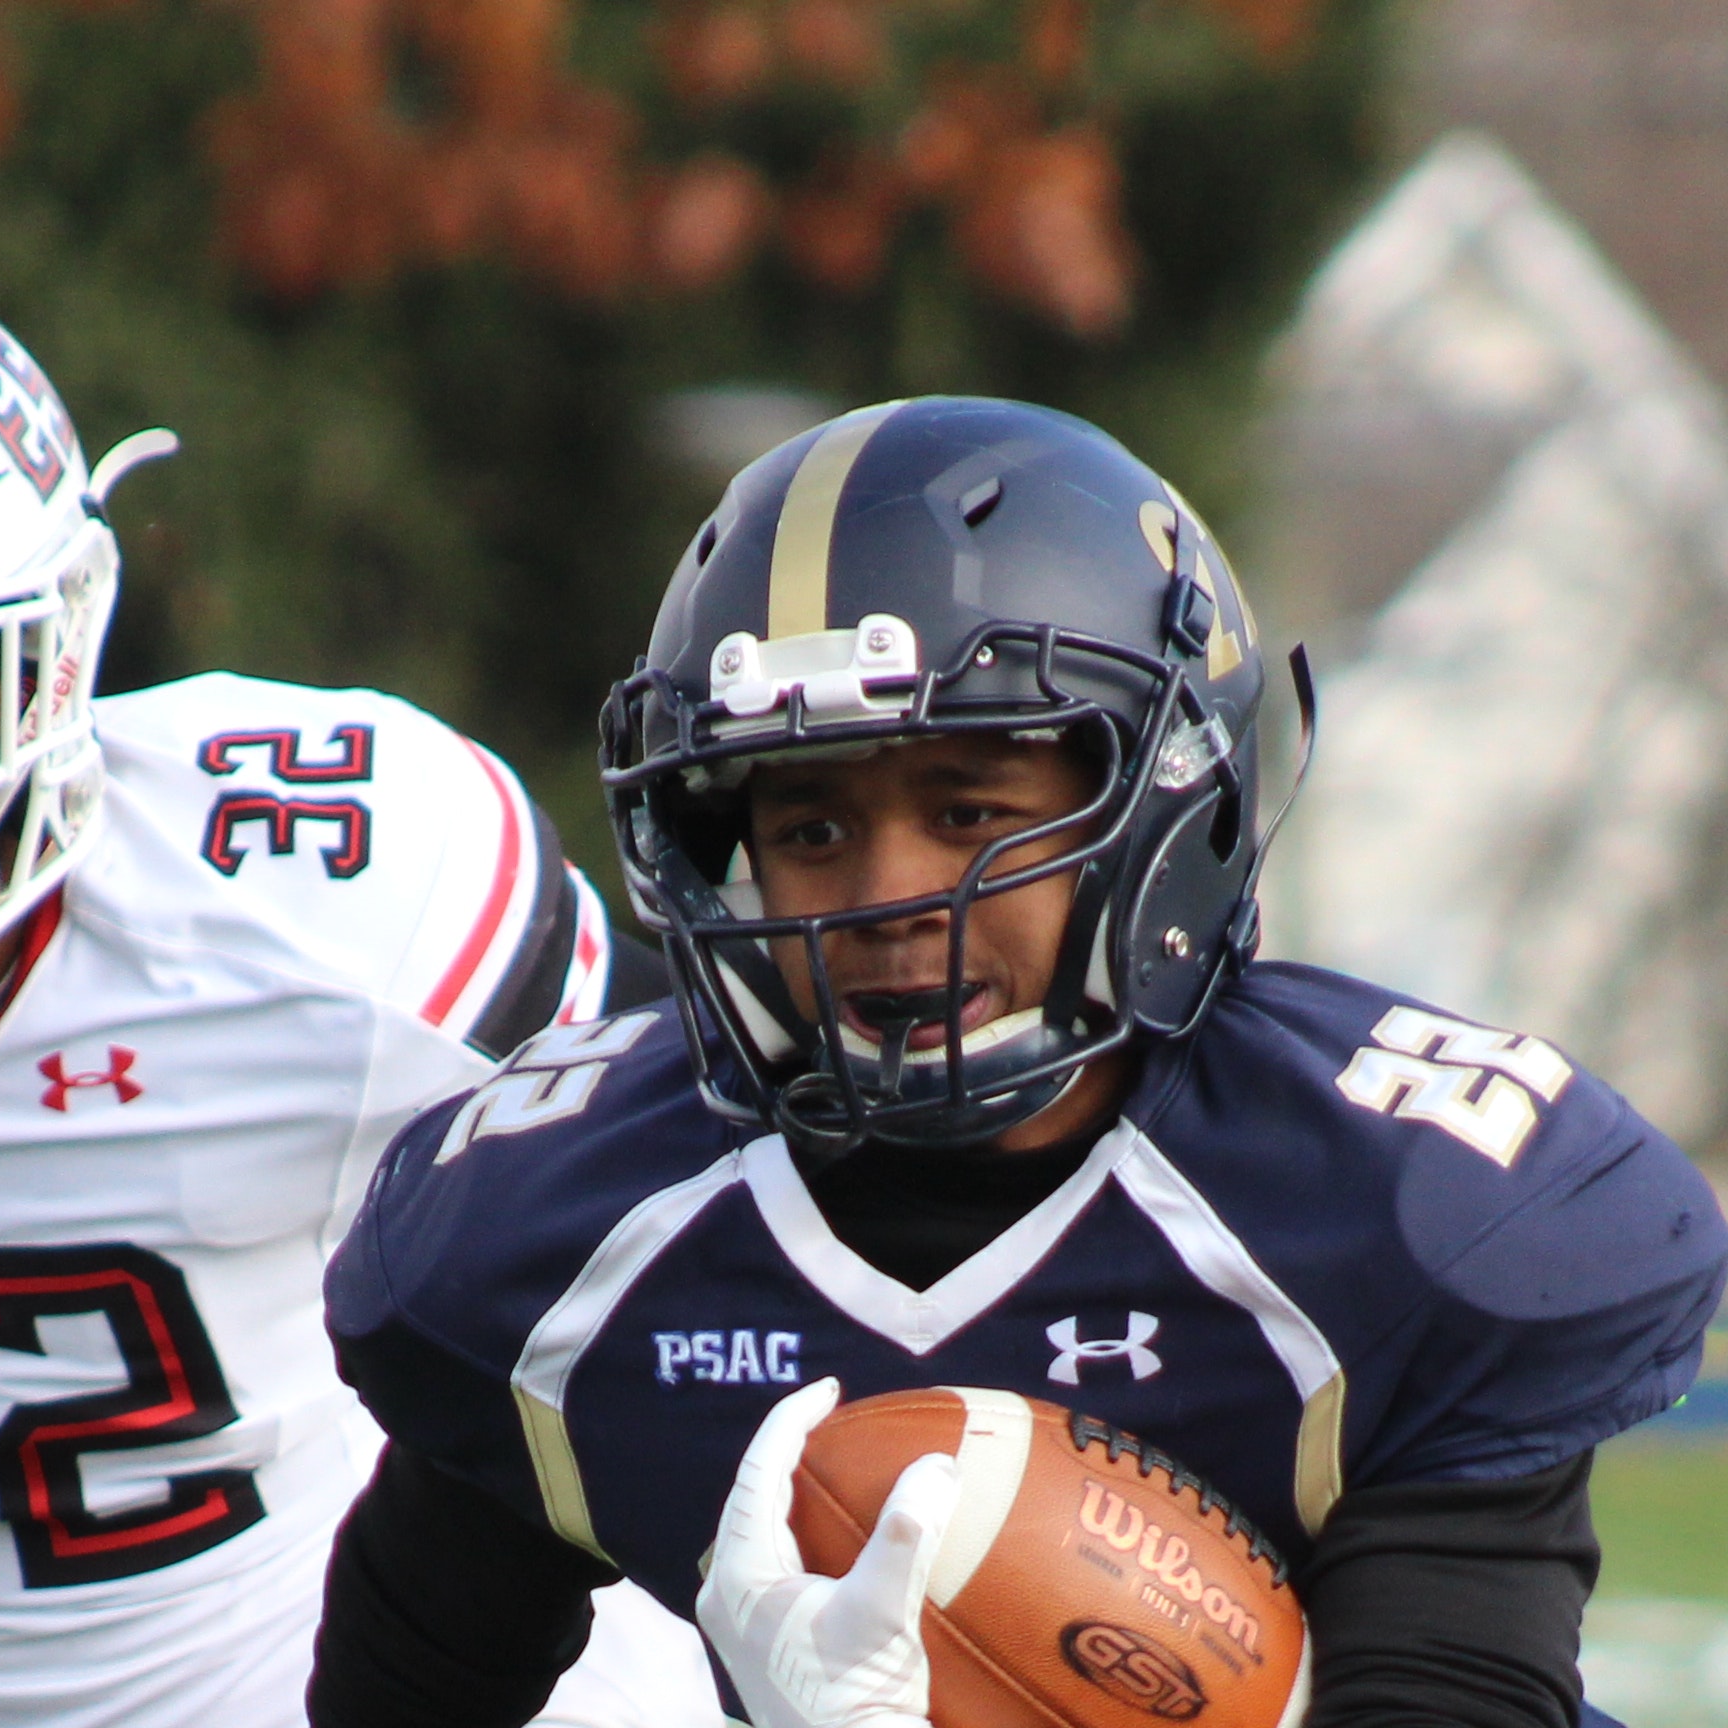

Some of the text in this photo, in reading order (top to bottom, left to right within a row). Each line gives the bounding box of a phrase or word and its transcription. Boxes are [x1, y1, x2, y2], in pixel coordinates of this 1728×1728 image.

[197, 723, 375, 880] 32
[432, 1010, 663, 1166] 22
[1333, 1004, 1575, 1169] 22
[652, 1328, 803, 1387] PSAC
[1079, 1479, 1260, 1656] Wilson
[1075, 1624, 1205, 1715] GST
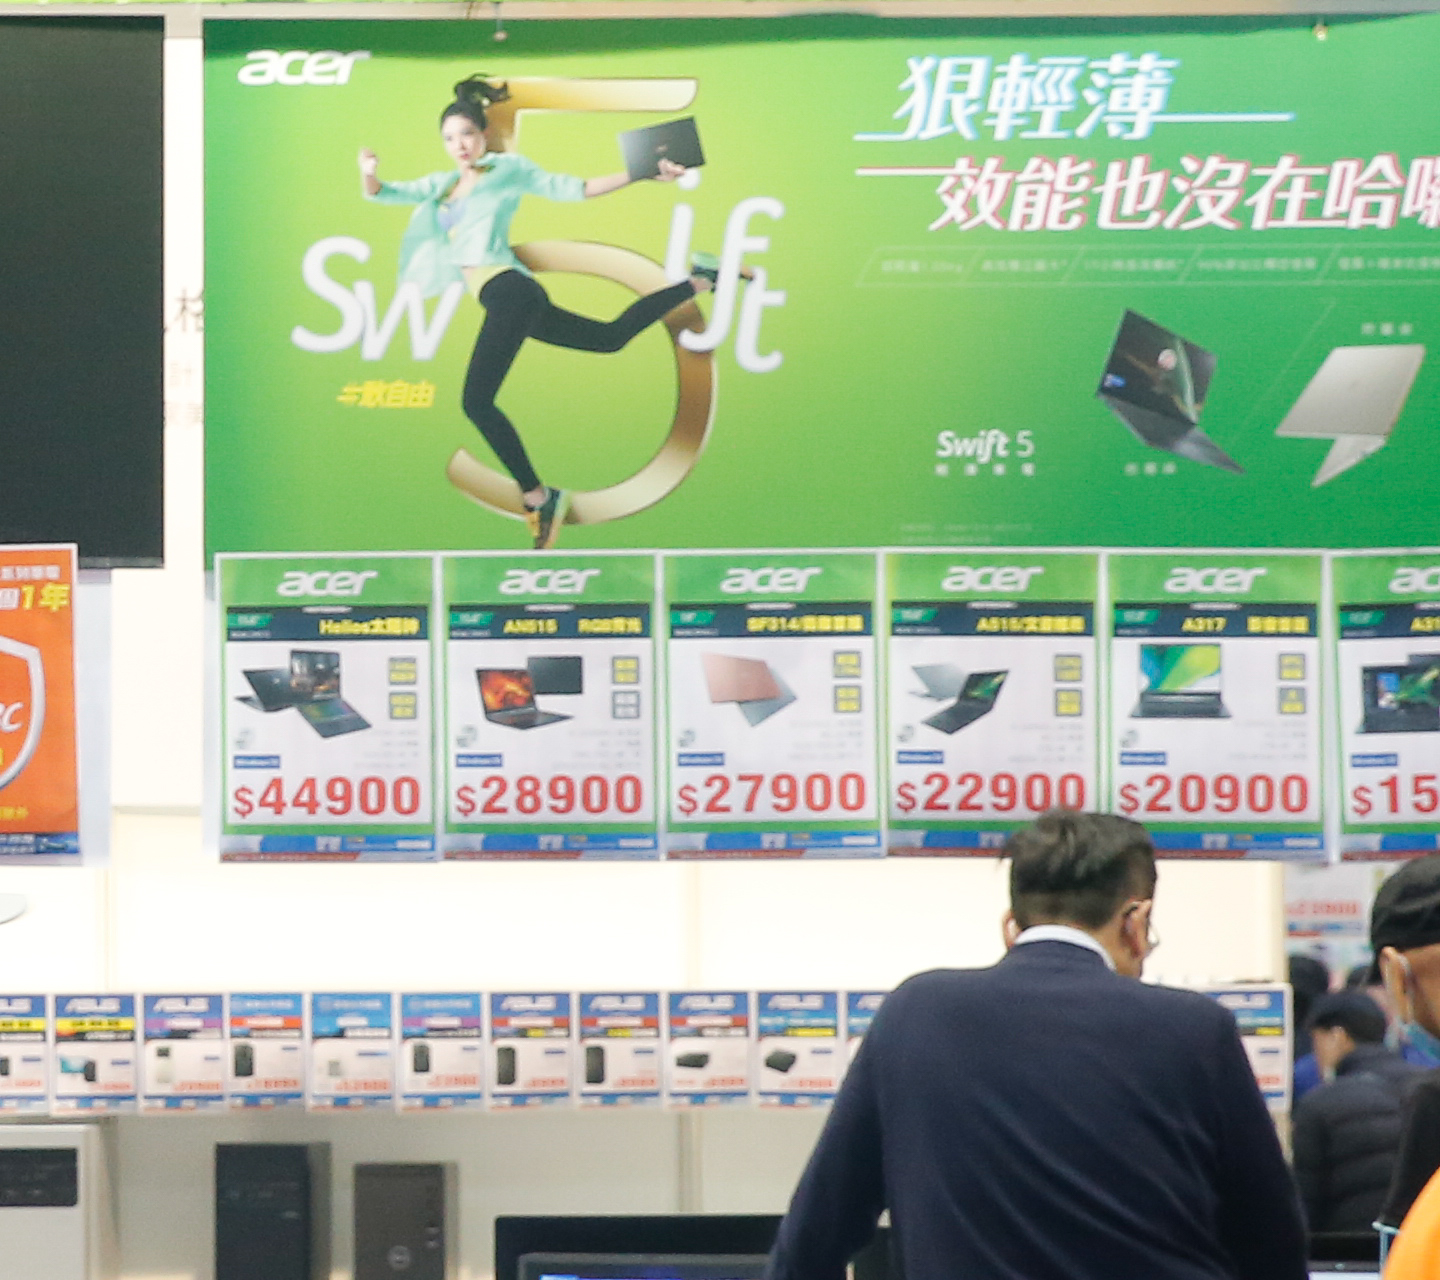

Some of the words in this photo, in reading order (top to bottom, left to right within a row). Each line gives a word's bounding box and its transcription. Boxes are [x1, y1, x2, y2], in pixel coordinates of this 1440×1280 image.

====================

= Exercise description =
Quote every record above exactly, leaving out the pictures.

= Response to this exercise =
Some of the text in this photo, in reading order (top to bottom, left to right within a row). Each line gives the bounding box of a phrase or word and its transcription. Boxes are [x1, y1, x2, y2], in pixel coordinates of this 1728×1728 image.

[197, 723, 375, 880] 32
[432, 1010, 663, 1166] 22
[1333, 1004, 1575, 1169] 22
[652, 1328, 803, 1387] PSAC
[1079, 1479, 1260, 1656] Wilson
[1075, 1624, 1205, 1715] GST

Some of the words in this photo, in reading order (top to bottom, left to right within a row). Each line gives a word's bounding box and its transcription. Boxes are [x1, y1, x2, y2], in pixel coordinates of this 1440×1280 image.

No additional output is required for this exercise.